• **Prompt**
Leave the images out, and copy each of the records below exactly.

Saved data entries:

========================

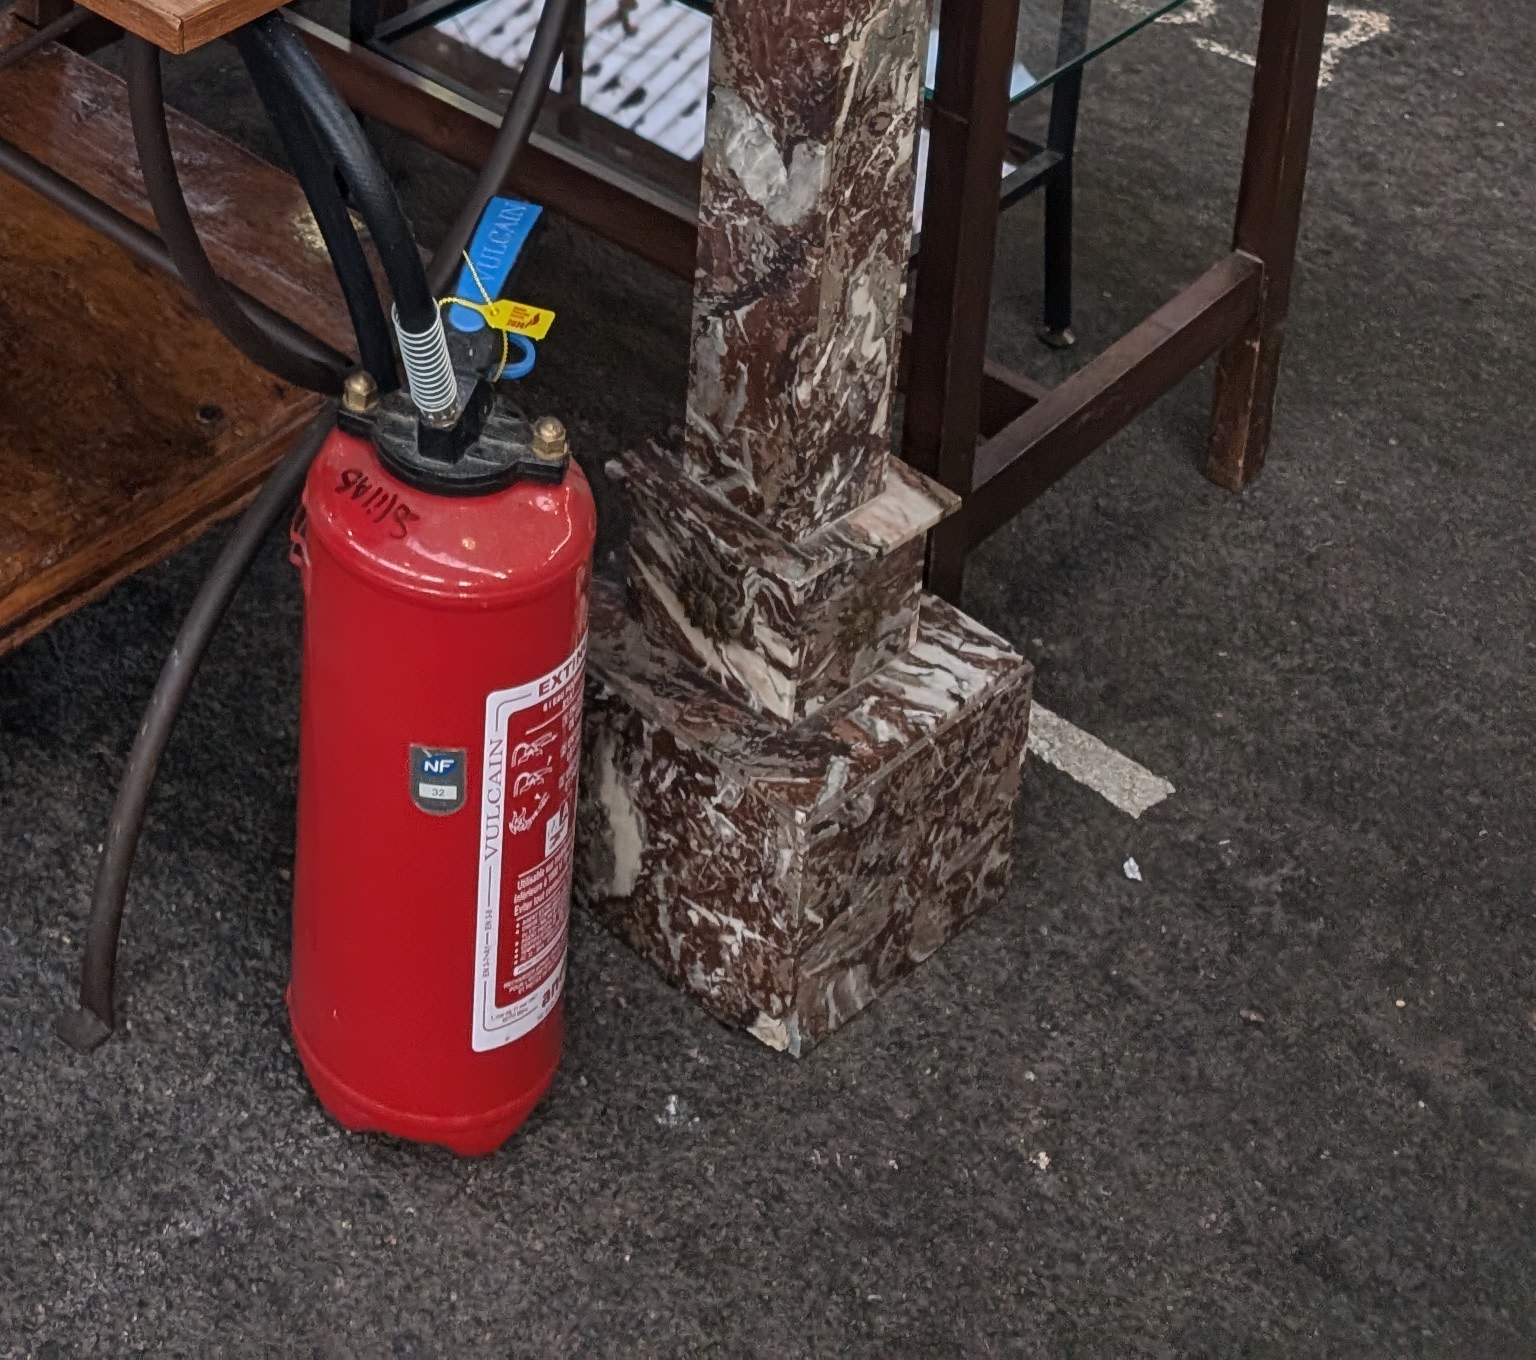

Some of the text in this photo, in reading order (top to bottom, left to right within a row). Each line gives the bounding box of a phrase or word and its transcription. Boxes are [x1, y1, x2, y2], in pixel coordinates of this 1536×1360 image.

[476, 201, 527, 281] VULCAIN
[539, 642, 586, 697] EXTIN
[424, 759, 455, 773] NF
[431, 788, 446, 798] 32
[484, 738, 504, 861] VULCAIN

========================

• **Exercise result**
Some of the text in this photo, in reading order (top to bottom, left to right within a row). Each line gives the bounding box of a phrase or word and its transcription. Boxes are [x1, y1, x2, y2], in pixel coordinates of this 1536×1360 image.

[476, 201, 527, 281] VULCAIN
[539, 642, 586, 697] EXTIN
[424, 759, 455, 773] NF
[431, 788, 446, 798] 32
[484, 738, 504, 861] VULCAIN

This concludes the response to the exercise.